Even cats who don't jump on counters to drink from faucets may drink more water using the Fountain. Why is this important? As the veterinarian who created the Fountain for her own cats knows, many cats may not drink as much water as they should. This is one reason the urine becomes so concentrated and predisposes some cats to urinary tract disease. Cats with urinary tract or kidney disease have a critical need for water to support kidney function or prevent crystal formation and obstruction.
The DRINKWELL PET FOUNTAIN is veterinarian designed and recommended by vet urinary specialists. It encourages water intake and proper hydration in healthy cats, and is especially beneficial in cats with kidney or urinary tract disease.

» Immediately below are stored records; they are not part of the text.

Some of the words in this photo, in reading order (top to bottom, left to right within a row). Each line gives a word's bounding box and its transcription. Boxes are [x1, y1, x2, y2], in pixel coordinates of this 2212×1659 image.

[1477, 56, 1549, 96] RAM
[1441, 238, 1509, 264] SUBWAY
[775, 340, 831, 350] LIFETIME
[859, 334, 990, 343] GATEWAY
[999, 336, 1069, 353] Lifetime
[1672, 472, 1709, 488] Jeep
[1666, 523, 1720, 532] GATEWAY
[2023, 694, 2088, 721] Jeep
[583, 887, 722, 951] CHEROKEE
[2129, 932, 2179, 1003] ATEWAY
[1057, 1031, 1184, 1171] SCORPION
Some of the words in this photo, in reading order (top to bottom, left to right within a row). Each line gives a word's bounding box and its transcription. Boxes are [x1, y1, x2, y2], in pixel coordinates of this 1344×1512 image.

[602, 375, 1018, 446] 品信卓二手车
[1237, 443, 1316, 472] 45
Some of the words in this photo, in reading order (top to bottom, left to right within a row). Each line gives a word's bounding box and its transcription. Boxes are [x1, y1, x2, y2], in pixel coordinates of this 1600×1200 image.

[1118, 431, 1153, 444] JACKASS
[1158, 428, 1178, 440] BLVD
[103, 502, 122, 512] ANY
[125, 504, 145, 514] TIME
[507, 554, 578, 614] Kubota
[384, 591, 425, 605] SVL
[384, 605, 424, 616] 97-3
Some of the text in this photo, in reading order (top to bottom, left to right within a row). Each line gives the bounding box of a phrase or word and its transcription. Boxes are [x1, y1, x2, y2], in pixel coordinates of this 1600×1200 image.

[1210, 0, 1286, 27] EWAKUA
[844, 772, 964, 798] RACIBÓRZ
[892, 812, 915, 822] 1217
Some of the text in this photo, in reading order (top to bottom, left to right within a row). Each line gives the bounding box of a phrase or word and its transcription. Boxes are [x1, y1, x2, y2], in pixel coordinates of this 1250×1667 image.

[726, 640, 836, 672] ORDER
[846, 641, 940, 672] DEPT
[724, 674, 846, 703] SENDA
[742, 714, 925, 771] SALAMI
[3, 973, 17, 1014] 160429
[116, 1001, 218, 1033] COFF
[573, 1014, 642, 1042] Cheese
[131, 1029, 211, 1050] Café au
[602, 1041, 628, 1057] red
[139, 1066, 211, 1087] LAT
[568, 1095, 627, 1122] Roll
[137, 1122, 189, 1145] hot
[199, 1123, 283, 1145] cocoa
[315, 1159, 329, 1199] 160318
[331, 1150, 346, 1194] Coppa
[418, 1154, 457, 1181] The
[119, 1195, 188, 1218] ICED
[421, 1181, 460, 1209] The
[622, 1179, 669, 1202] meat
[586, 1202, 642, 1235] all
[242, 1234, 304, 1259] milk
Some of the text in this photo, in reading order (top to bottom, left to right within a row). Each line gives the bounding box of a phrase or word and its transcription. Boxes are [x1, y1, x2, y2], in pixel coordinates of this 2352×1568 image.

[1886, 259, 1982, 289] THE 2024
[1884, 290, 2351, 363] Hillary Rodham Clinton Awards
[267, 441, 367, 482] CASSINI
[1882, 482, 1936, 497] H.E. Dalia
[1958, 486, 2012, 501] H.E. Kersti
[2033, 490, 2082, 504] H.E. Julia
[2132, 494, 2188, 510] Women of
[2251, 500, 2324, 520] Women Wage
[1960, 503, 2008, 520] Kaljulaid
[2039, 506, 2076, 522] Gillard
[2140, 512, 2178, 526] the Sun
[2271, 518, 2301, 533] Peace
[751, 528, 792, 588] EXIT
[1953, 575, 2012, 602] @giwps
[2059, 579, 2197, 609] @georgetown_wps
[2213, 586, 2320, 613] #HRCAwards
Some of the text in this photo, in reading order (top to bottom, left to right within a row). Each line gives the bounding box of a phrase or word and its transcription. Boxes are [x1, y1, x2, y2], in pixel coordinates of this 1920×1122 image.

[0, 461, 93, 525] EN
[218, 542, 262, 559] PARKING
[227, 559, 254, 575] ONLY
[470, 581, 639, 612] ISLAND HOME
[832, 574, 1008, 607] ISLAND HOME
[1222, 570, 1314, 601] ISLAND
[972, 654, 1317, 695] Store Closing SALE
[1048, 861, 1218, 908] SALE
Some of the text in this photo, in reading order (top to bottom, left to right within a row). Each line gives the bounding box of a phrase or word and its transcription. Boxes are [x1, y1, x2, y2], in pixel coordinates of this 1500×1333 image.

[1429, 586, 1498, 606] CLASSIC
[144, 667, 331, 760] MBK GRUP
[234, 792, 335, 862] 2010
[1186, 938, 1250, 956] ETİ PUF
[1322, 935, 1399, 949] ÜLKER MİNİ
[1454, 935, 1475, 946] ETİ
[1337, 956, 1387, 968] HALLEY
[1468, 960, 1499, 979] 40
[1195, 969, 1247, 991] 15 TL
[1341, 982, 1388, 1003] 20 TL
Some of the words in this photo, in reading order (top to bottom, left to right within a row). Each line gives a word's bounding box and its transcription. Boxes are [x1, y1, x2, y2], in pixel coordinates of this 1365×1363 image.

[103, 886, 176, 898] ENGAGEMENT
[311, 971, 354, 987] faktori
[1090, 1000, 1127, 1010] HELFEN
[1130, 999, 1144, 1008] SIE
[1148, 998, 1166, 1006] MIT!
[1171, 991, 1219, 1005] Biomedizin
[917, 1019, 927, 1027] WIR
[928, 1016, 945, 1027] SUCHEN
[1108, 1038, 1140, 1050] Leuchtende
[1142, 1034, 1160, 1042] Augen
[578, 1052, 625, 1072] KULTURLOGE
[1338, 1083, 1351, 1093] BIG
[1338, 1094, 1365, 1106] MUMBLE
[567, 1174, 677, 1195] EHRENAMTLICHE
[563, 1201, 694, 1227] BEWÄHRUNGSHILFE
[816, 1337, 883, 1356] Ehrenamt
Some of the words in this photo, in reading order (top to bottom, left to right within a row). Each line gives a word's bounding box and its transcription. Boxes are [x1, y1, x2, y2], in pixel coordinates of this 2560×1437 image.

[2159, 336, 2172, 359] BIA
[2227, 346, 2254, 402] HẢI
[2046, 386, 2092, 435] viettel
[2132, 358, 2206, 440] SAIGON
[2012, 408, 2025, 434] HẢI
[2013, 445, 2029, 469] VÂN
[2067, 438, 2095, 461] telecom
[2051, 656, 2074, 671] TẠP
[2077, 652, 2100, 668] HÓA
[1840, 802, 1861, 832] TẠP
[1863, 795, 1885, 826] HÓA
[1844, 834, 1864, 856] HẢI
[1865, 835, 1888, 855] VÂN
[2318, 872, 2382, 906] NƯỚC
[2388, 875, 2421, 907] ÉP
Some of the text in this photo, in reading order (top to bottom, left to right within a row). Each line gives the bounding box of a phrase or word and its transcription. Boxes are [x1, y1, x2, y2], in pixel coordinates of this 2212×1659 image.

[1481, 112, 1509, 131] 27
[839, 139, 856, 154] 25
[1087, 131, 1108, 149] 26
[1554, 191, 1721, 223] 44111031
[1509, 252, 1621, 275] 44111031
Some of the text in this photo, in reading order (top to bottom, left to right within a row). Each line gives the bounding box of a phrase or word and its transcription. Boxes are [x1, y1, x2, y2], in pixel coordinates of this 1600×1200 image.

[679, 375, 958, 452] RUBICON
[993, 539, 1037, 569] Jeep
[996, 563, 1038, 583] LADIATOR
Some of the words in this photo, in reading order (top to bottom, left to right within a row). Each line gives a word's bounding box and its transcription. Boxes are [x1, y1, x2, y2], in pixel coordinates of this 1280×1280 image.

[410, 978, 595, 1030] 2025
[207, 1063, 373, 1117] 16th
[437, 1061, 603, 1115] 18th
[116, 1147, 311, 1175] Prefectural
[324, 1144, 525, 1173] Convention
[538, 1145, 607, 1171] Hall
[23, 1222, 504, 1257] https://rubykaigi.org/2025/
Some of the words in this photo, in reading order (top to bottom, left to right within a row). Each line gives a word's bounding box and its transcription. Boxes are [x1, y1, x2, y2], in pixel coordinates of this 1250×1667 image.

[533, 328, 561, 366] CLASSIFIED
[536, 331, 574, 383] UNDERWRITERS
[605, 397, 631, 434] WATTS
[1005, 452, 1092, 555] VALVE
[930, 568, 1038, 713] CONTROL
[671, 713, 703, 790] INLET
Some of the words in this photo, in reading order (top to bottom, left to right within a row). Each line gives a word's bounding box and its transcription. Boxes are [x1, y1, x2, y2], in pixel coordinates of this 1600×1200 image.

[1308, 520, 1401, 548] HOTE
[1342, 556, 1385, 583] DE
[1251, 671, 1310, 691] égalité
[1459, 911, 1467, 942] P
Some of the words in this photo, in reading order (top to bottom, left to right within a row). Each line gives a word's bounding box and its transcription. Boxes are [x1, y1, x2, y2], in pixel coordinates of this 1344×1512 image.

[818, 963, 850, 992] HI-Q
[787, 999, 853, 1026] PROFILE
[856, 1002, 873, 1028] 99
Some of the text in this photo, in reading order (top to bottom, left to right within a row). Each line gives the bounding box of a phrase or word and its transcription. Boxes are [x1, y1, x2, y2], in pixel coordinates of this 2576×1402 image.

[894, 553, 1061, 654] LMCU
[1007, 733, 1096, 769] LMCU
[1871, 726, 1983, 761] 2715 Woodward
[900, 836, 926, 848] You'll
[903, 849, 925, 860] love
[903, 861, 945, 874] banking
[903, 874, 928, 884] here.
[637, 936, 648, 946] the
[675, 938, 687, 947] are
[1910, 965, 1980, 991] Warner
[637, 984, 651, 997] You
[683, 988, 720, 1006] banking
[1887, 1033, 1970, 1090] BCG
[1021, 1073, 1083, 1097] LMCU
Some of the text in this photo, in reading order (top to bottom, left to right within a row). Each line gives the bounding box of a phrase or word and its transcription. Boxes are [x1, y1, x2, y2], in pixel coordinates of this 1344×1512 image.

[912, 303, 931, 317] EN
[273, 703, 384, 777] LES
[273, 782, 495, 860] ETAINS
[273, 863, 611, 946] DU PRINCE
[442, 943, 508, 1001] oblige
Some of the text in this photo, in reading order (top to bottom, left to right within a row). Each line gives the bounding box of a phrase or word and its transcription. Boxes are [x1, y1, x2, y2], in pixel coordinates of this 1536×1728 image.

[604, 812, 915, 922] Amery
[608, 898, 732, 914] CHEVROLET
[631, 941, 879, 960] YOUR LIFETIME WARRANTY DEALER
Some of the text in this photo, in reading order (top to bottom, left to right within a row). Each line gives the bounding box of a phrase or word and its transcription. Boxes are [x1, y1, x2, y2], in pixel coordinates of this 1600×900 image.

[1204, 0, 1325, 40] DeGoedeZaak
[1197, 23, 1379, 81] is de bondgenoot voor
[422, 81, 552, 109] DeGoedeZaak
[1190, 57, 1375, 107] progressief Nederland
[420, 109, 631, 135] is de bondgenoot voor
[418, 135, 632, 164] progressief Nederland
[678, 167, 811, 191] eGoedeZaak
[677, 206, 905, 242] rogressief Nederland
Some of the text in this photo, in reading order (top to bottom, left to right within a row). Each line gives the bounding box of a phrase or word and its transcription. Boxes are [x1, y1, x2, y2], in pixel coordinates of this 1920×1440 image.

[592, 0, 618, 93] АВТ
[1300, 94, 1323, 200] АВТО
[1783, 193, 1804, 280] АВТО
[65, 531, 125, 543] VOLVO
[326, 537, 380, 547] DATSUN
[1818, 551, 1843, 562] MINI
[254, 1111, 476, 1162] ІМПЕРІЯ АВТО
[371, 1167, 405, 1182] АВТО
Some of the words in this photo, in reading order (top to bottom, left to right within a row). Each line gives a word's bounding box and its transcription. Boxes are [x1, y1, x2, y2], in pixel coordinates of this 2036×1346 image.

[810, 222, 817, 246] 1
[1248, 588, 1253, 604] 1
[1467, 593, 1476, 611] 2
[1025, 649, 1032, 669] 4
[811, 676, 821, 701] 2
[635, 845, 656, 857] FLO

AND it discourages jumping on counters in search of dripping faucets!
Fountain features:
Adjustable flow rate
6 cup bowl capacity
Charcoal filter to absorb tastes and odors, as well as overflow protection.
Patented free falling stream adds more oxygen!
Pet's prefer running water like faucets for freshness!
Drinking more water improves your pet's health!
Shown to help reduce urinary disease in cats!
Helps keep cats off counters and out of sinks!
Extra large charcoal filter removes tastes and odors for added freshness!
It is self-contained, requiring no connection to a water line.
It completely dissembles for cleaning and has a 6-foot power cord.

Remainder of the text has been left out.